═══ Records supplied ═══

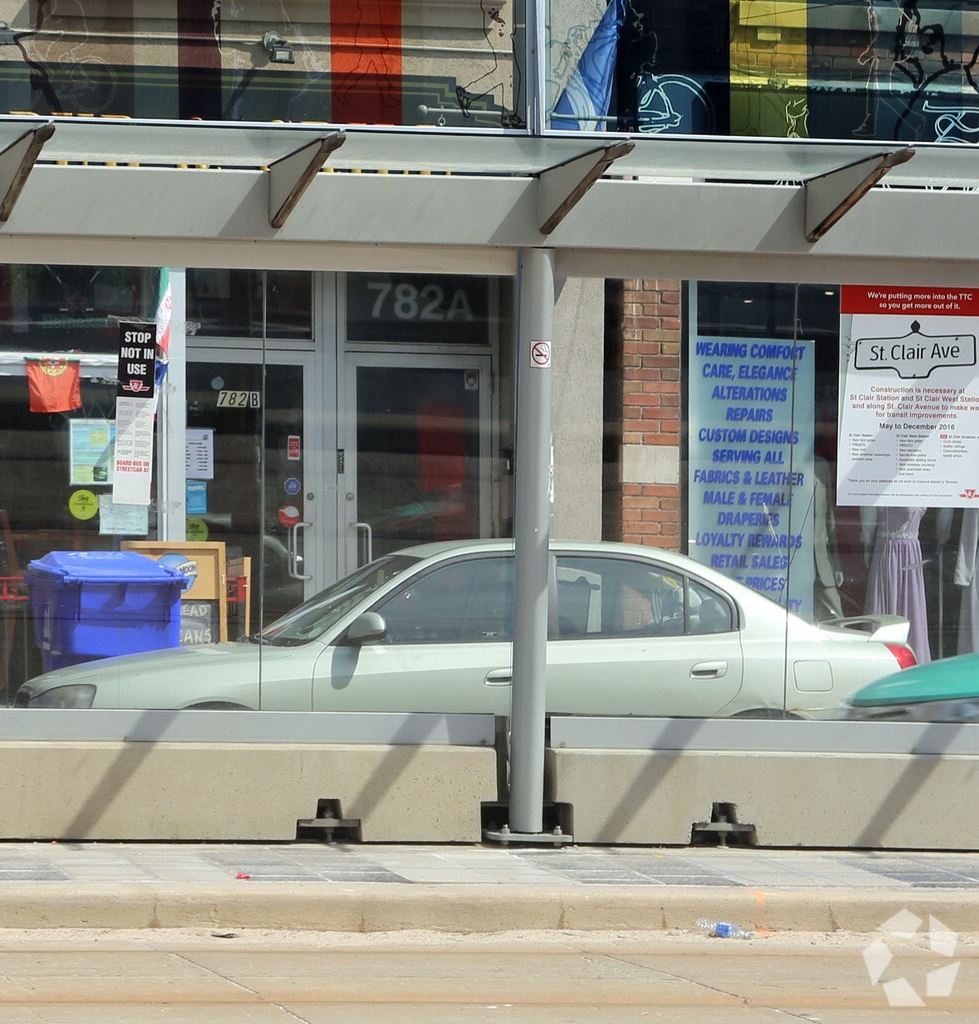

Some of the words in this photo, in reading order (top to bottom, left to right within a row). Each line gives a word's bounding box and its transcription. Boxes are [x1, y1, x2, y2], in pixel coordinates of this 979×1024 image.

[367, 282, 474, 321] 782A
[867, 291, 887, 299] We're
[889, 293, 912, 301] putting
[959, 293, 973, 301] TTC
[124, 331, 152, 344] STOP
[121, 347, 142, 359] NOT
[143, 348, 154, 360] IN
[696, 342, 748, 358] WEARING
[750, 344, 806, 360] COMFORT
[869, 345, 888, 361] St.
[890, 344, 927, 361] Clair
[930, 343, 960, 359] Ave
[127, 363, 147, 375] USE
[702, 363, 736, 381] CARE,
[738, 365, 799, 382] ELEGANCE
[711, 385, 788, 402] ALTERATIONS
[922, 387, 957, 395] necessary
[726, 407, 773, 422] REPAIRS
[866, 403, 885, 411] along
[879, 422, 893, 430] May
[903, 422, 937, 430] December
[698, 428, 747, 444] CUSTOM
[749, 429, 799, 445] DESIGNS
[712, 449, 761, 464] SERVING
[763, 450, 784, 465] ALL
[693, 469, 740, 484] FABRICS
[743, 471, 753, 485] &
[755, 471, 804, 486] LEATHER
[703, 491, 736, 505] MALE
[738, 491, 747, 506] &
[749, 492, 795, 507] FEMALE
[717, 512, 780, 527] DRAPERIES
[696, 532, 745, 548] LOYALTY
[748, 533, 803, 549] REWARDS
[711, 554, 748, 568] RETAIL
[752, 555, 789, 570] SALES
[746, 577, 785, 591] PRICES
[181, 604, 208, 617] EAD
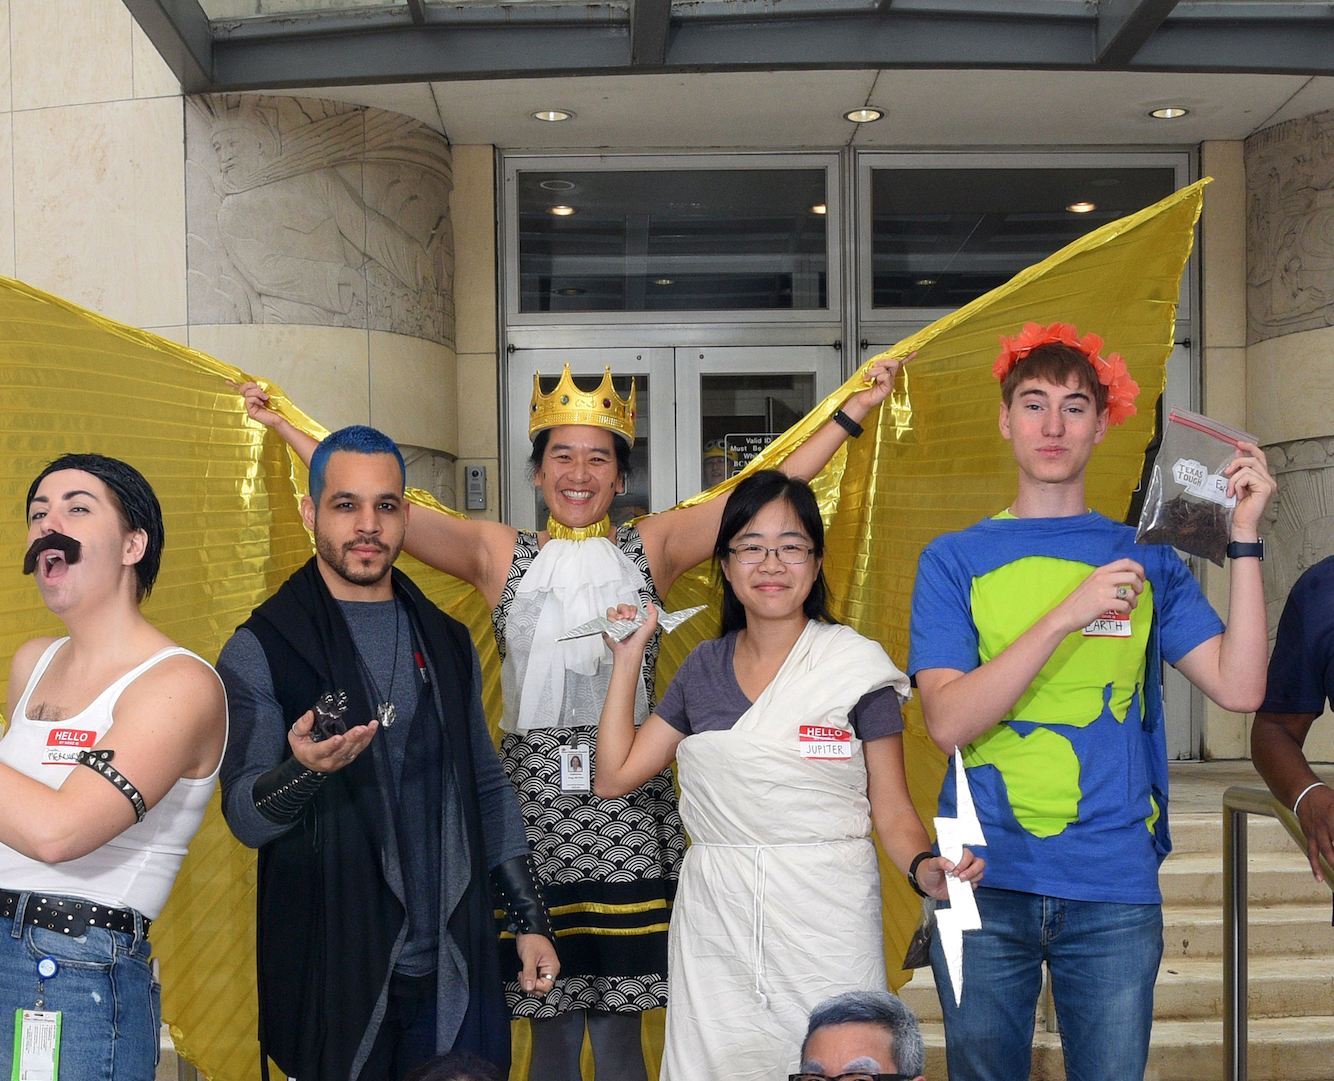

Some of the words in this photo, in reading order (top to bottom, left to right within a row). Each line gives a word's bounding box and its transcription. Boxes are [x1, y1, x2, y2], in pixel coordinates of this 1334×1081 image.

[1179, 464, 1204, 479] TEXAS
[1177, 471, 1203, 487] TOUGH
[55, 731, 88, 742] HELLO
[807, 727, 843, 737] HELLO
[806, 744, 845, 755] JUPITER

═══

# Work order
Reproduce the records above exactly, excluding every picture.

# Exercise result
Some of the words in this photo, in reading order (top to bottom, left to right within a row). Each line gives a word's bounding box and its transcription. Boxes are [x1, y1, x2, y2], in pixel coordinates of this 979×1024 image.

[367, 282, 474, 321] 782A
[867, 291, 887, 299] We're
[889, 293, 912, 301] putting
[959, 293, 973, 301] TTC
[124, 331, 152, 344] STOP
[121, 347, 142, 359] NOT
[143, 348, 154, 360] IN
[696, 342, 748, 358] WEARING
[750, 344, 806, 360] COMFORT
[869, 345, 888, 361] St.
[890, 344, 927, 361] Clair
[930, 343, 960, 359] Ave
[127, 363, 147, 375] USE
[702, 363, 736, 381] CARE,
[738, 365, 799, 382] ELEGANCE
[711, 385, 788, 402] ALTERATIONS
[922, 387, 957, 395] necessary
[726, 407, 773, 422] REPAIRS
[866, 403, 885, 411] along
[879, 422, 893, 430] May
[903, 422, 937, 430] December
[698, 428, 747, 444] CUSTOM
[749, 429, 799, 445] DESIGNS
[712, 449, 761, 464] SERVING
[763, 450, 784, 465] ALL
[693, 469, 740, 484] FABRICS
[743, 471, 753, 485] &
[755, 471, 804, 486] LEATHER
[703, 491, 736, 505] MALE
[738, 491, 747, 506] &
[749, 492, 795, 507] FEMALE
[717, 512, 780, 527] DRAPERIES
[696, 532, 745, 548] LOYALTY
[748, 533, 803, 549] REWARDS
[711, 554, 748, 568] RETAIL
[752, 555, 789, 570] SALES
[746, 577, 785, 591] PRICES
[181, 604, 208, 617] EAD

Some of the words in this photo, in reading order (top to bottom, left to right within a row). Each line gives a word's bounding box and its transcription. Boxes are [x1, y1, x2, y2], in pixel coordinates of this 1334×1081 image.

[1179, 464, 1204, 479] TEXAS
[1177, 471, 1203, 487] TOUGH
[55, 731, 88, 742] HELLO
[807, 727, 843, 737] HELLO
[806, 744, 845, 755] JUPITER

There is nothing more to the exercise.